In 2022, the Israeli embassy in Uzbekistan unveiled in the Victory Park of Tashkent a monument to honor the Uzbeks who assisted Jewish refugees during the second world war.

== Economic relations ==
In 2024, Israel has ratified Uzbekistan's application to join the World Trade Organization.

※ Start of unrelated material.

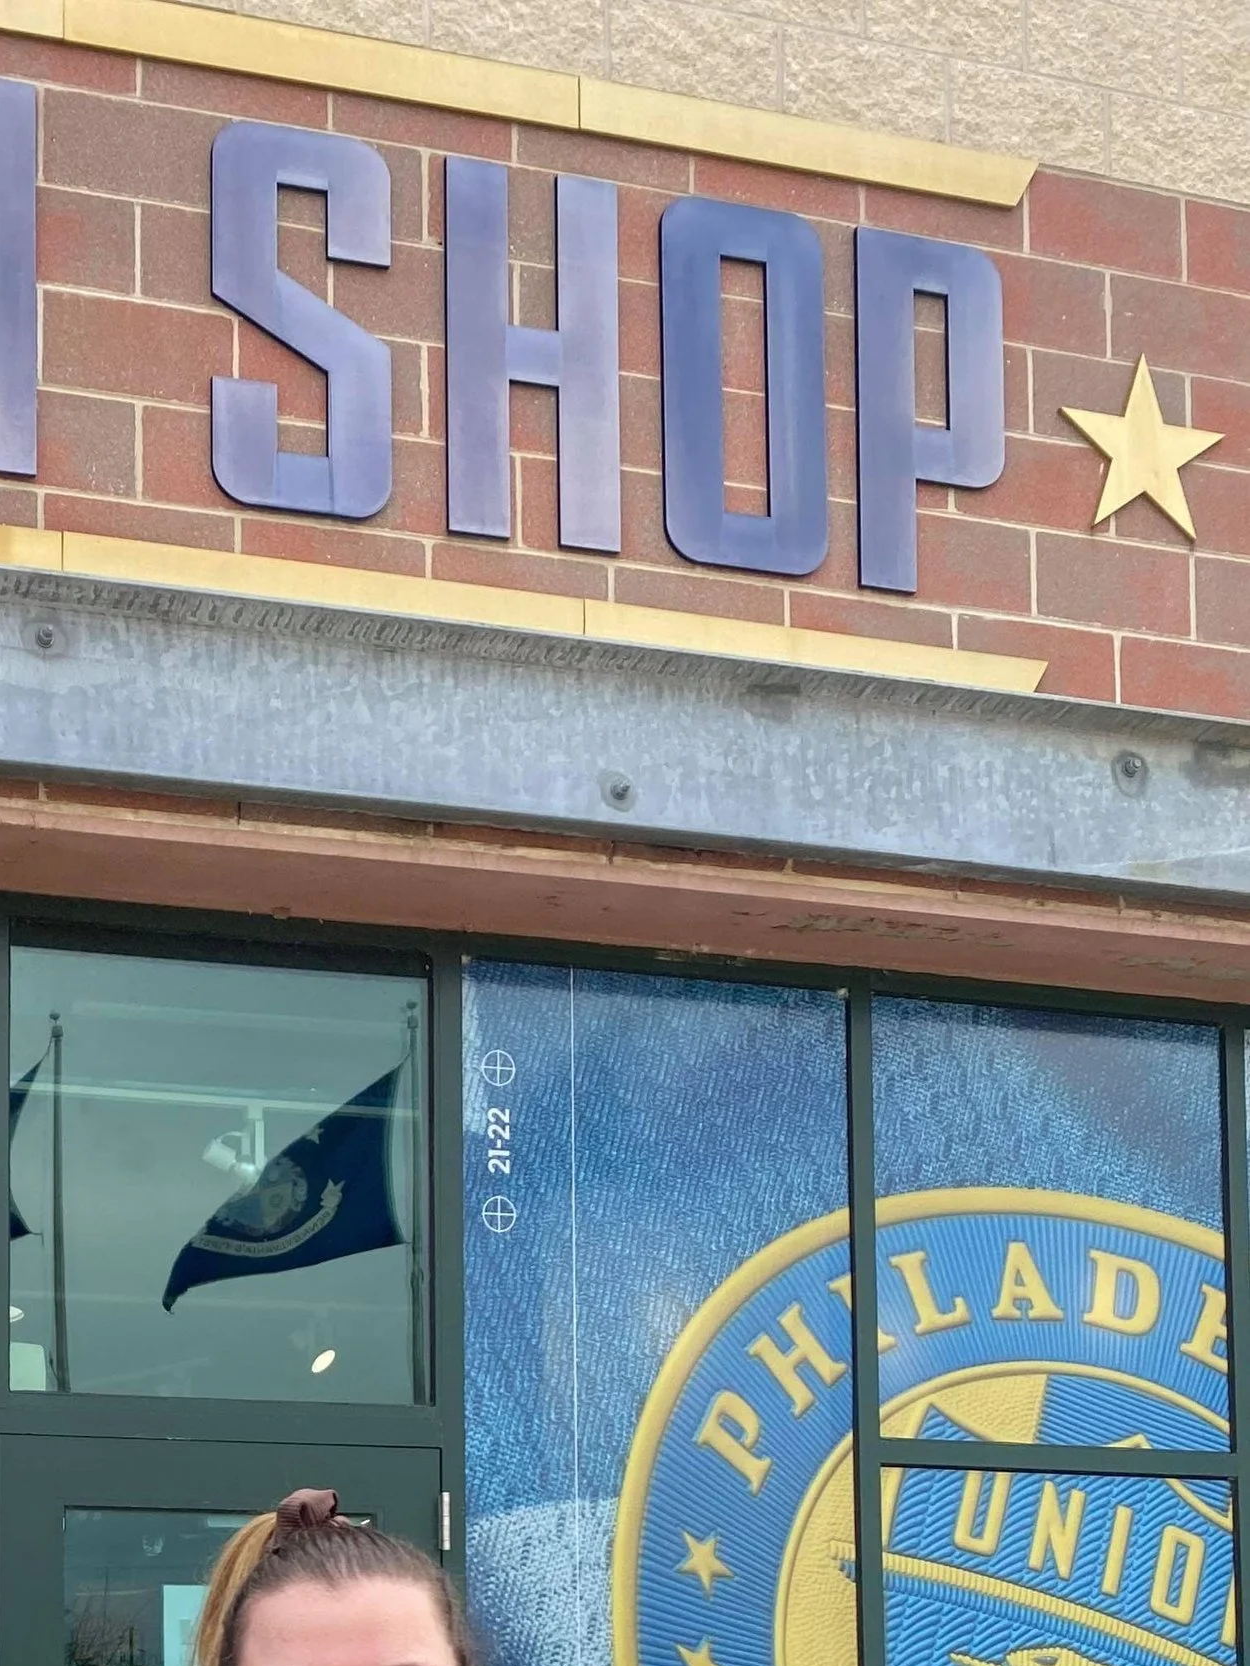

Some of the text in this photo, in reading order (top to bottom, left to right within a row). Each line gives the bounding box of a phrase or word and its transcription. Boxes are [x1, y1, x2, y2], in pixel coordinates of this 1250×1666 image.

[210, 119, 1006, 593] SHOP
[487, 1107, 510, 1175] 21-22
[953, 1468, 1236, 1648] UNIO

Uzbek - Israeli trade in millions USD-$
|  | Israel imports Uzbekistan exports | Uzbekistan imports Israel exports | Total trade value |
|---|---|---|---|
| 2023 | 6 | 29 | 35 |
| 2022 | 10.5 | 25.3 | 35.8 |
| 2021 | 3 | 12.8 | 15.8 |
| 2020 | 1.4 | 22.6 | 24 |
| 2019 | 1.6 | 18.5 | 20.1 |
| 2018 | 1.6 | 29.3 | 30.9 |
| 2017 | 2.4 | 17.1 | 19.5 |
| 2016 | 0.3 | 13.3 | 13.6 |
| 2015 | 1.2 | 15.3 | 16.5 |
| 2014 | 1.2 | 38.2 | 39.4 |
| 2013 | 1 | 27.8 | 28.8 |
| 2012 | 2.2 | 13 | 15.2 |
| 2011 | 4 | 19.7 | 23.7 |
| 2010 | 3.3 | 37.2 | 40.5 |
| 2009 | 0.4 | 20.7 | 21.1 |
| 2008 | 2.7 | 23.3 | 26 |
| 2007 | 2 | 25.6 | 27.6 |
| 2006 | 1.2 | 12.2 | 13.4 |
| 2005 | 1.3 | 6.2 | 7.5 |
| 2004 | 1.2 | 9.9 | 11.1 |
| 2003 | 1.8 | 6.3 | 8.1 |
| 2002 | 3 | 38.1 | 41.1 |

== Tourism ==
Uzbekistan Airways has flown between Tel Aviv and Tashkent since 1992. In 2018, about 10,000 Israelis visited Uzbekistan. In 2017, about 2,500 Israelis visited Uzbekistan.

== Jewish community ==

The Jewish population of Uzbekistan is about 13,000, including 3,000 Bukharan Jews. Most of the Jews live in Tashkent, about 8,000 Jews. Some groups remain in Samarkand, Bukhara, Fergana and Andijan.

== Pegasus spyware ==
In April 2025, Uzbekistan was publicly identified for the first time as a user of Pegasus spyware, a surveillance tool developed by the Israeli company NSO Group. The disclosure came during a U.S. court hearing in a lawsuit filed by WhatsApp, which accused NSO of exploiting a vulnerability in its platform to target approximately 1,400 individuals in 2019. Among the eight governments reportedly using Pegasus at the time, only Mexico, Saudi Arabia, and Uzbekistan were named in court. The spyware, capable of covertly accessing messages, calls, and device functions, has been linked to the surveillance of journalists, activists, and civil society members. NSO Group claims it licenses Pegasus only to government clients approved by Israel for lawful use, such as counterterrorism, though critics argue it has facilitated repression.